April 29 (Bloomberg) -- German retail sales fell for a second month in March as inflation accelerated, eroding household purchasing power.
Sales, adjusted for inflation and seasonal swings, decreased 2.1 percent from February, when they fell 0.4 percent, the Federal Statistics Office in Wiesbaden said today. Economists forecast a 0.2 percent gain, according to the median of 18 estimates in a Bloomberg News survey. From a year earlier, sales declined 3.5 percent.
German inflation quickened to 2.6 percent in April, the fastest pace in 2 1/2 years, driven by surging oil prices. At the same time, unemployment dropped to a 19-year low as companies stepped up production to meet export orders. The government expects Europe’s largest economy to expand 2.6 percent this year after record growth of 3.6 percent in 2010.
“A negative reading in March isn’t unusual if Easter falls in April,” said Ulrike Rondorf, an economist at Commerzbank AG in Frankfurt. “In the first quarter, retail sales still exceed the fourth quarter average by 0.2 percent.”

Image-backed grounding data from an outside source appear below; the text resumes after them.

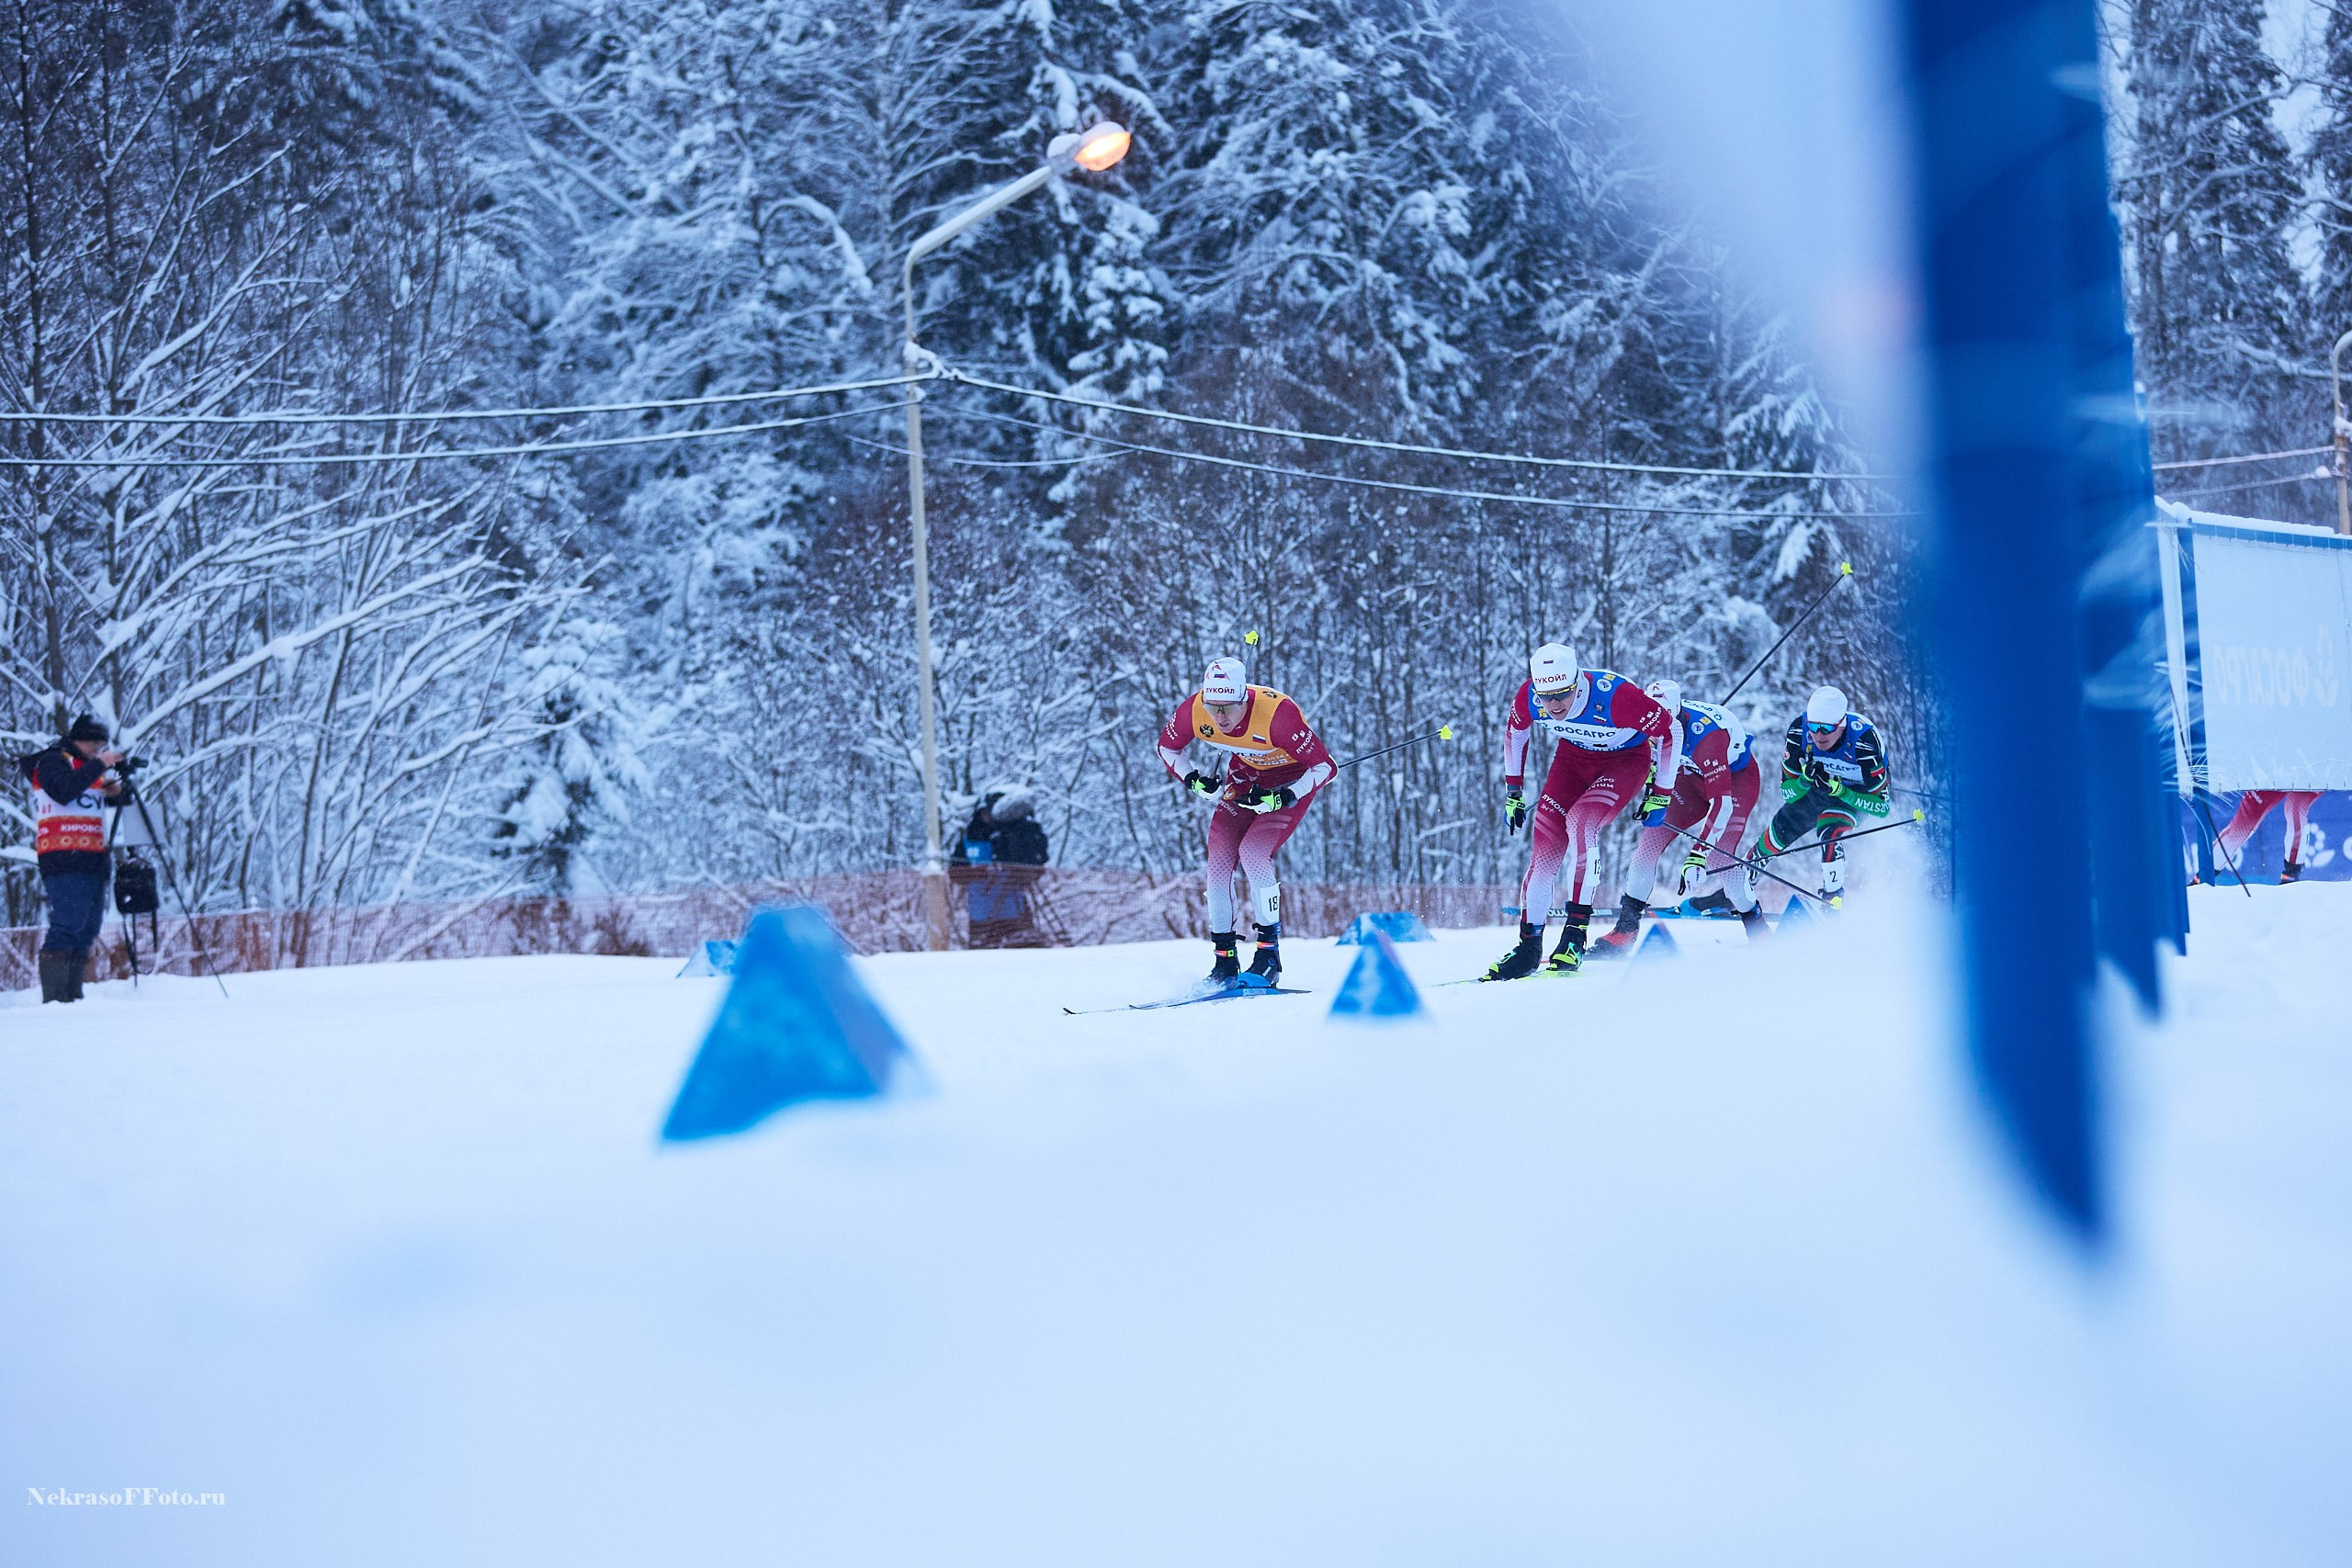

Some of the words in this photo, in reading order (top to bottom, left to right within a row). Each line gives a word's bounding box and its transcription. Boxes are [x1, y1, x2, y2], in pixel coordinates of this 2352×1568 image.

[1534, 673, 1567, 684] ЛУКОЙЛ
[1205, 686, 1235, 694] ЛУКОЙЛ
[1554, 726, 1616, 739] ФОСАГРО
[1829, 870, 1838, 883] 2
[1268, 895, 1278, 912] 18
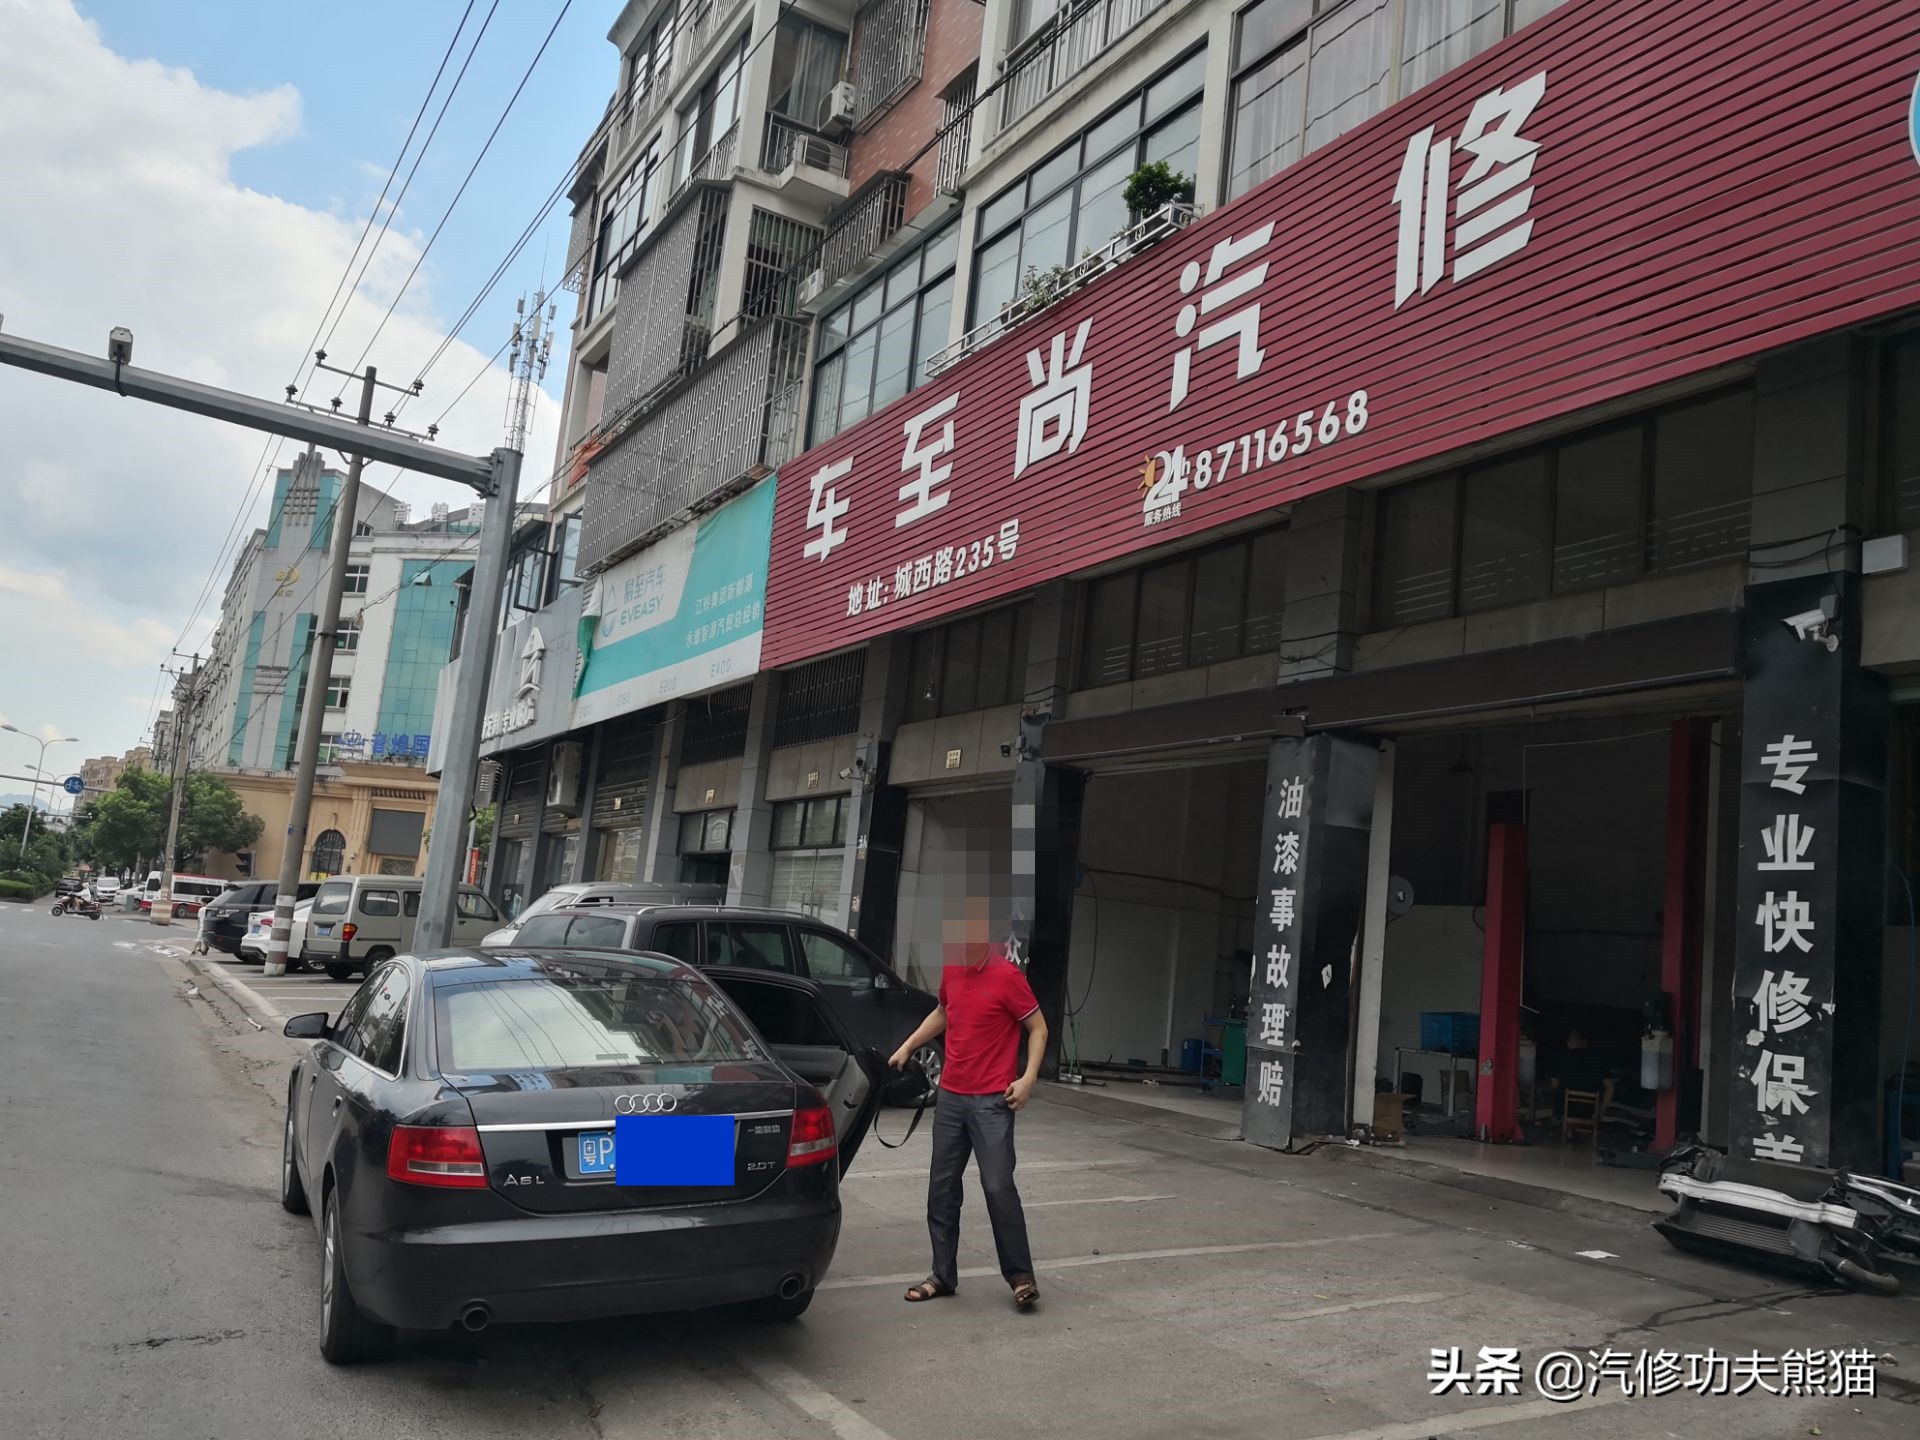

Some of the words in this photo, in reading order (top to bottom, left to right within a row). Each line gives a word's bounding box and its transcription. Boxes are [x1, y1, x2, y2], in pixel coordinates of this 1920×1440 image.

[803, 70, 1547, 563] 车至尚汽修
[1193, 390, 1369, 491] 87116568
[1143, 502, 1182, 527] 服务热线
[620, 594, 664, 625] EVEASY
[710, 659, 731, 678] E400
[1257, 776, 1304, 1107] 油漆事故理赔

Consumer-price developments are casting a “slight shadow” on an otherwise “positive” economic outlook, the Economy Ministry said on April 19.
German factory orders and industrial production rose more than economists predicted in February.
“Private consumption will markedly recover this year and also grow in 2012,” said Andreas Scheuerle, an economist at Dekabank in Frankfurt. “However, while the labor market is having a positive impact on private spending, we also have negative repercussions from the surge in inflation.”
Consumer confidence will decline for a second month in May as households grapple with higher food and energy prices, Nuremberg-based market-research firm GfK AG said this week. Business confidence fell for a second month in April after oil prices rose to the highest in more than two years.
“Inflation is certainly the major risk for private consumption in Germany; consumers in particular are sensitive to price increases at the pump,” said Mario Gruppe, an economist at NordLB in Hanover, Germany. “However, a negative reading is not the end of the world as we’ll see a robust economic upswing despite looming inflation risks.”